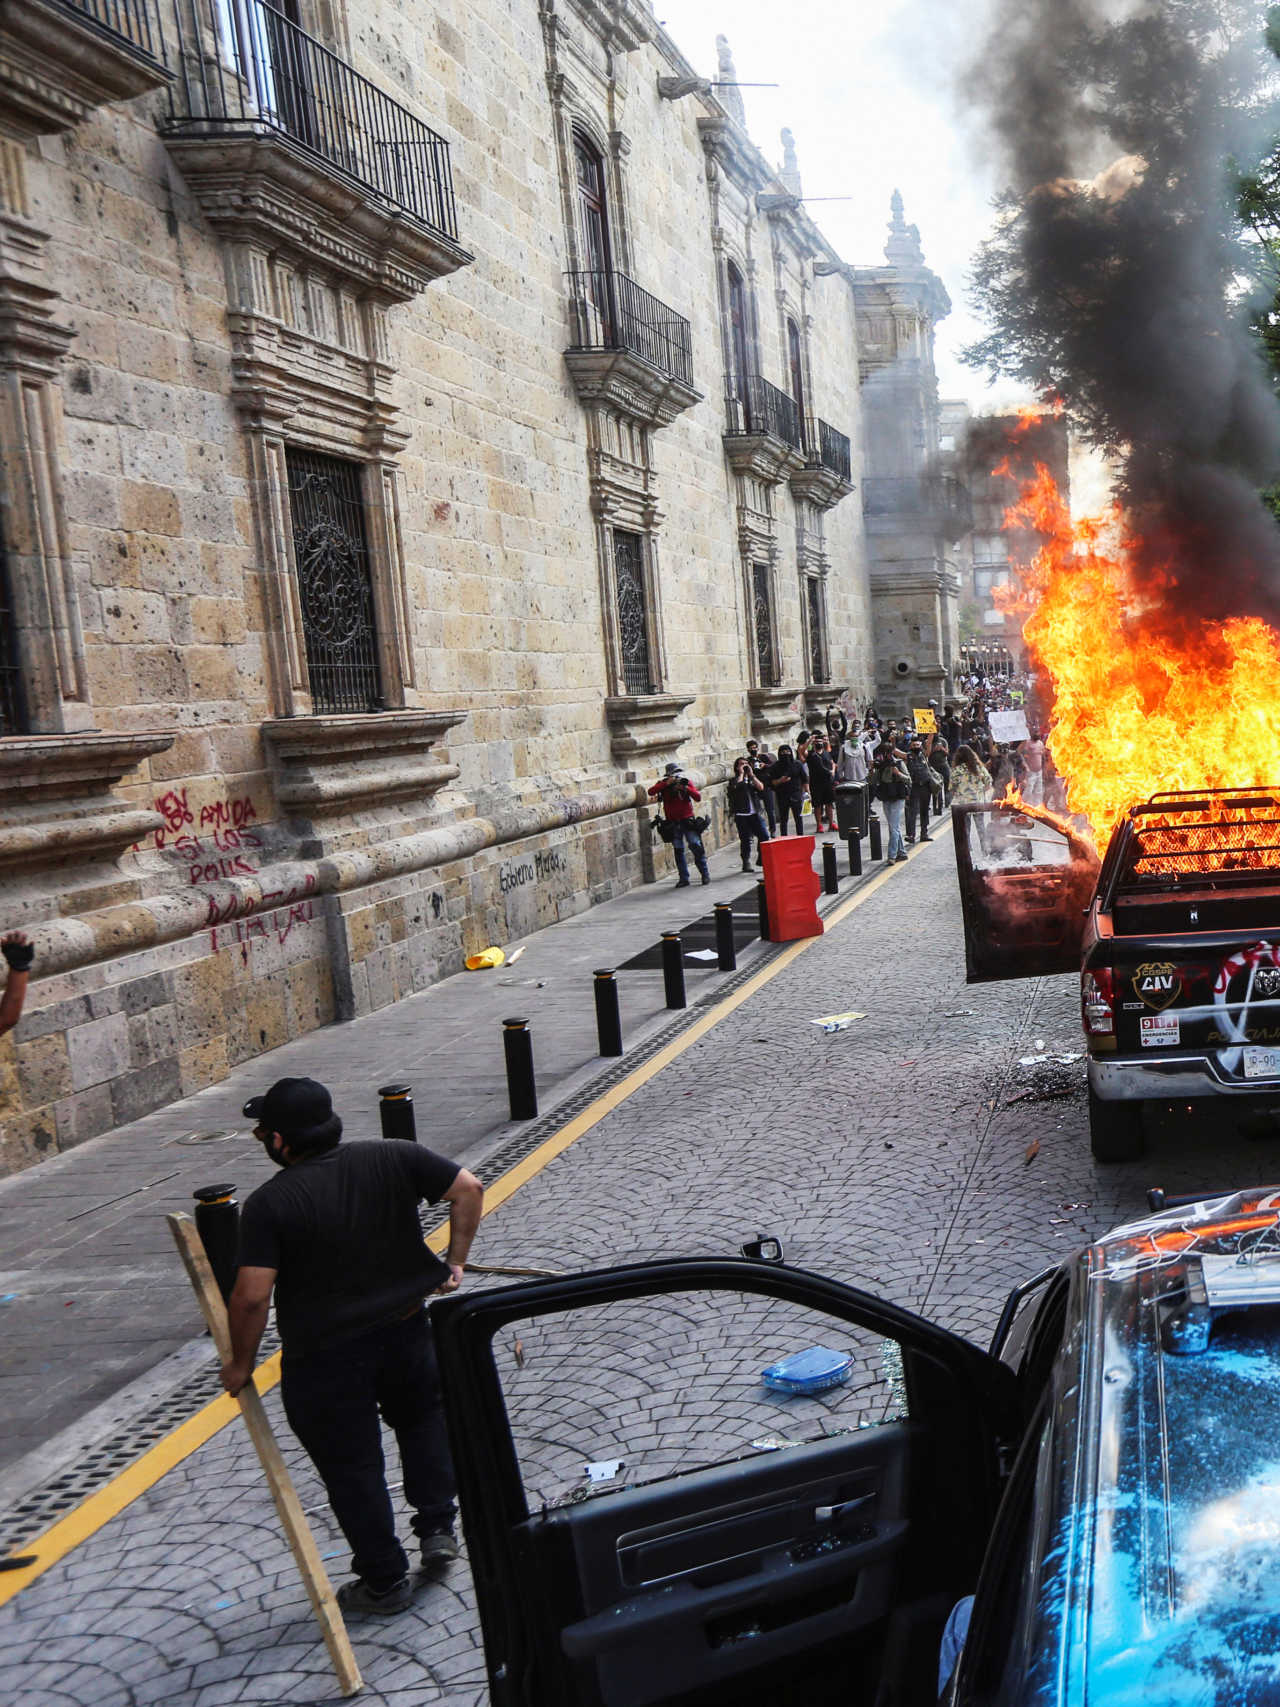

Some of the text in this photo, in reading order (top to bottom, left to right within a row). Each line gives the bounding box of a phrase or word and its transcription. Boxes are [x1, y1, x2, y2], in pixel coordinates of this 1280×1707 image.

[200, 798, 257, 828] AYUDA
[174, 823, 263, 861] SI LOS
[190, 854, 259, 885] POLIS
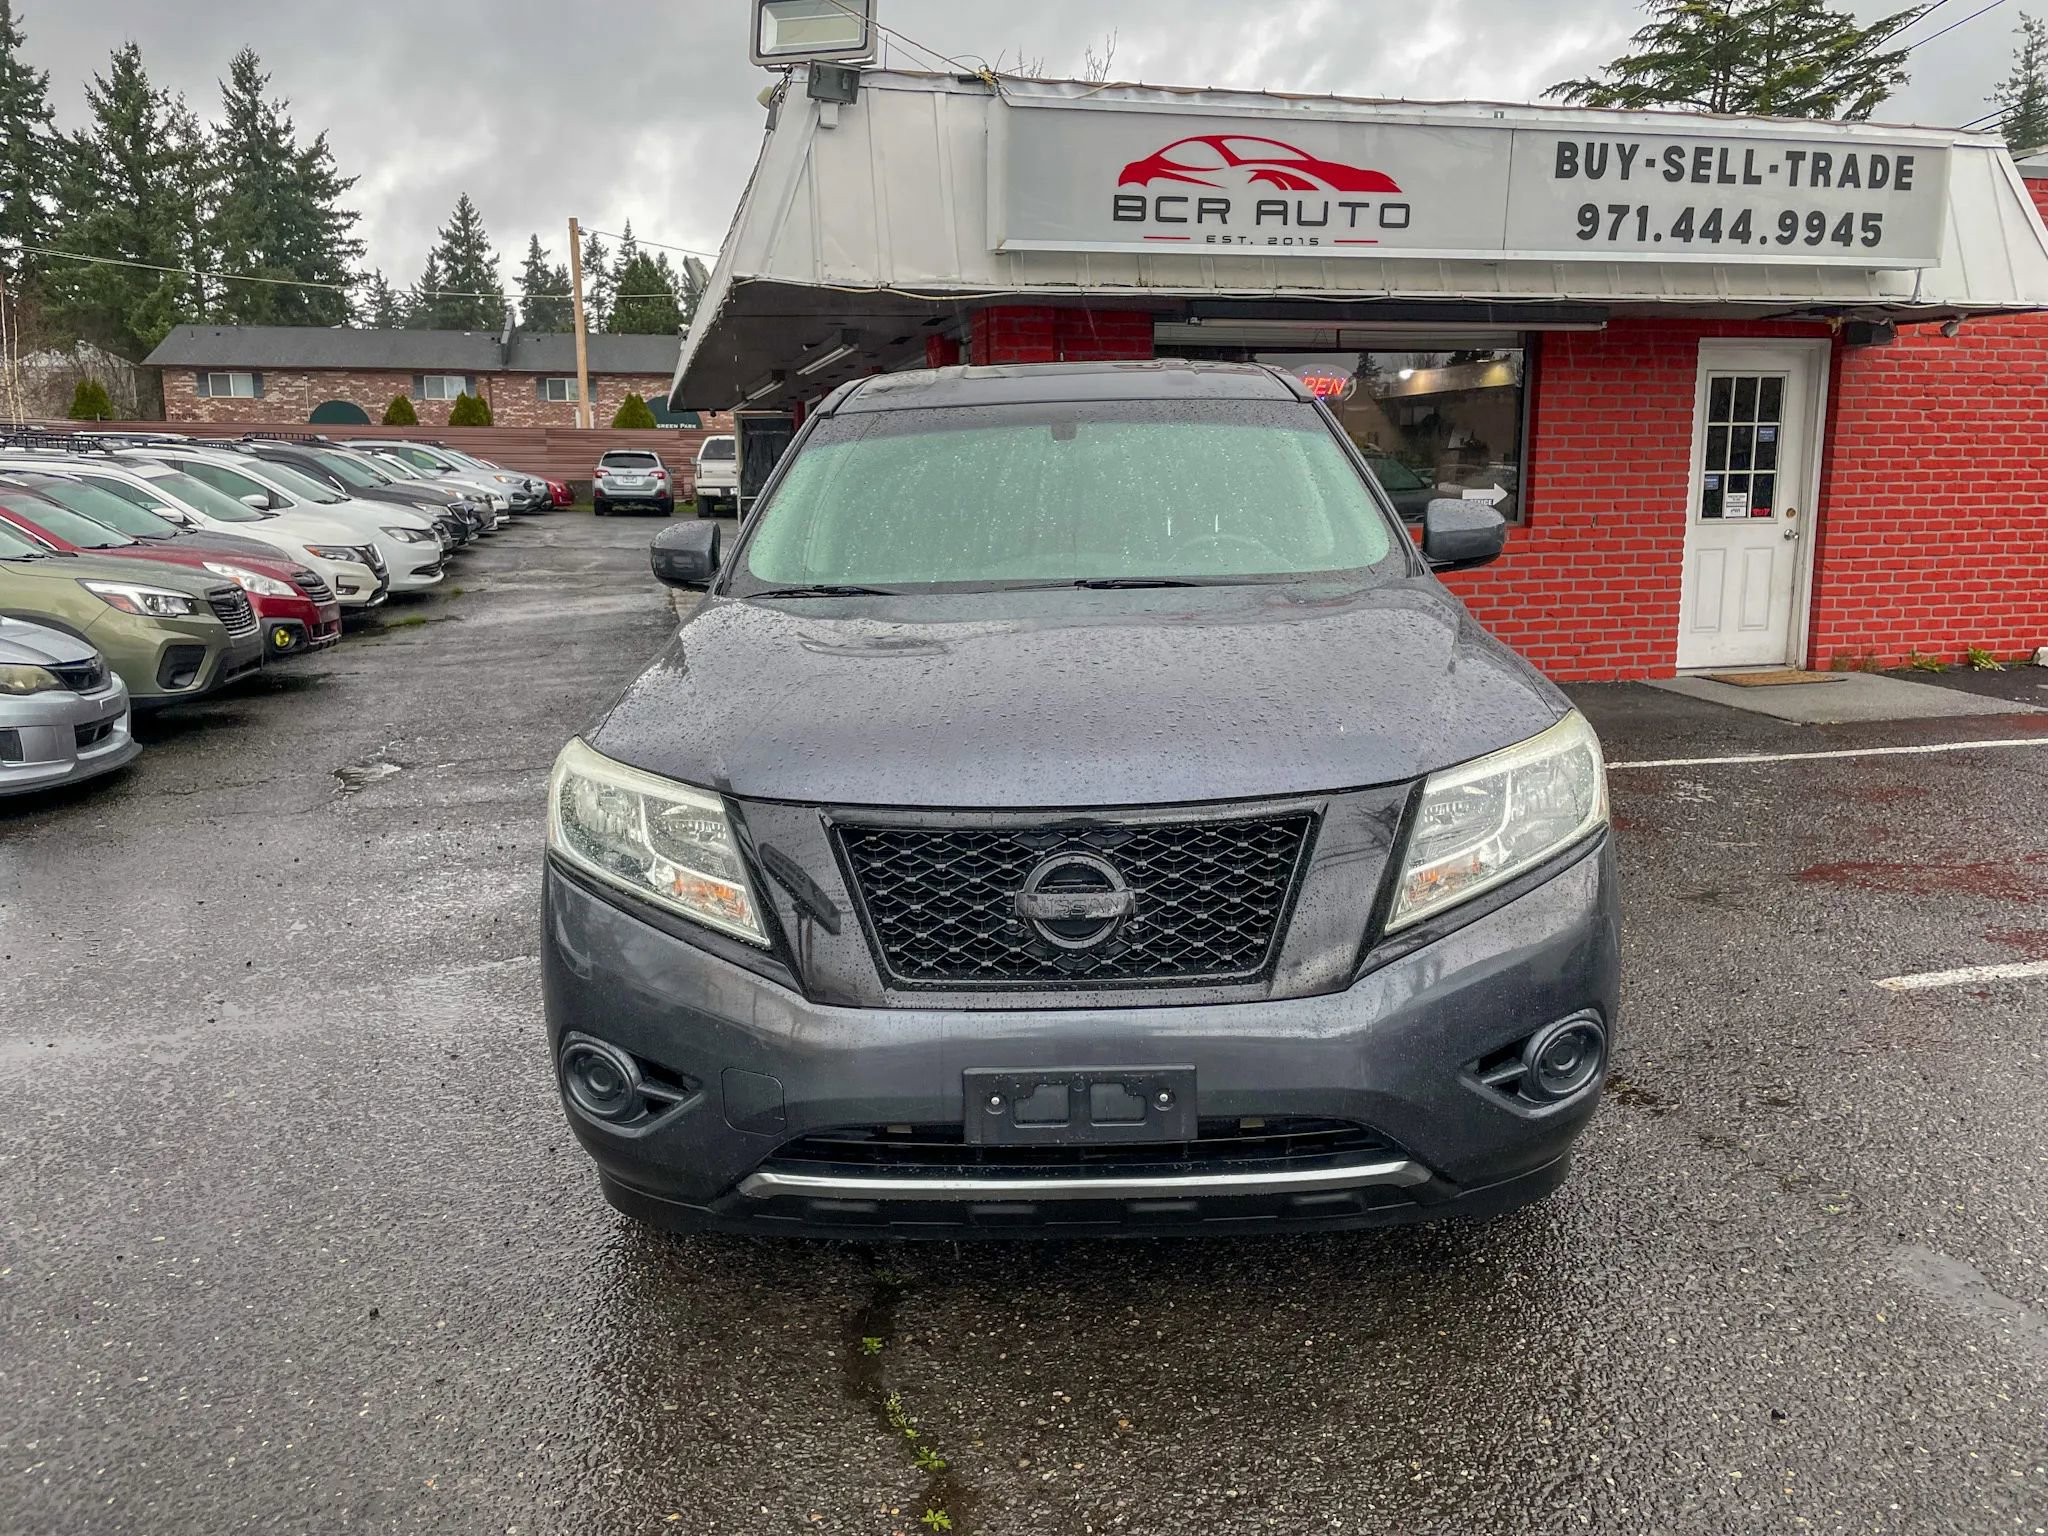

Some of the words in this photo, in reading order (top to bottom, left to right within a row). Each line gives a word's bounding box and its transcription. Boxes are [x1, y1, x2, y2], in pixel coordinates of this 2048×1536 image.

+++++

The problem: Return the material from above in full, exactly as written, with the pictures omitted.

Response below:
Some of the text in this photo, in reading order (top to bottom, left to right within a row). Each line gives the bounding box of a phrase or word and its transcription. Boxes are [x1, y1, x2, y2], in pixel coordinates of this 1280×1707 image.

[200, 798, 257, 828] AYUDA
[174, 823, 263, 861] SI LOS
[190, 854, 259, 885] POLIS

Some of the words in this photo, in reading order (top to bottom, left to right within a row). Each line gives a word's bounding box and its transcription. Boxes are [x1, y1, x2, y2], in pixel coordinates of this 2048×1536 image.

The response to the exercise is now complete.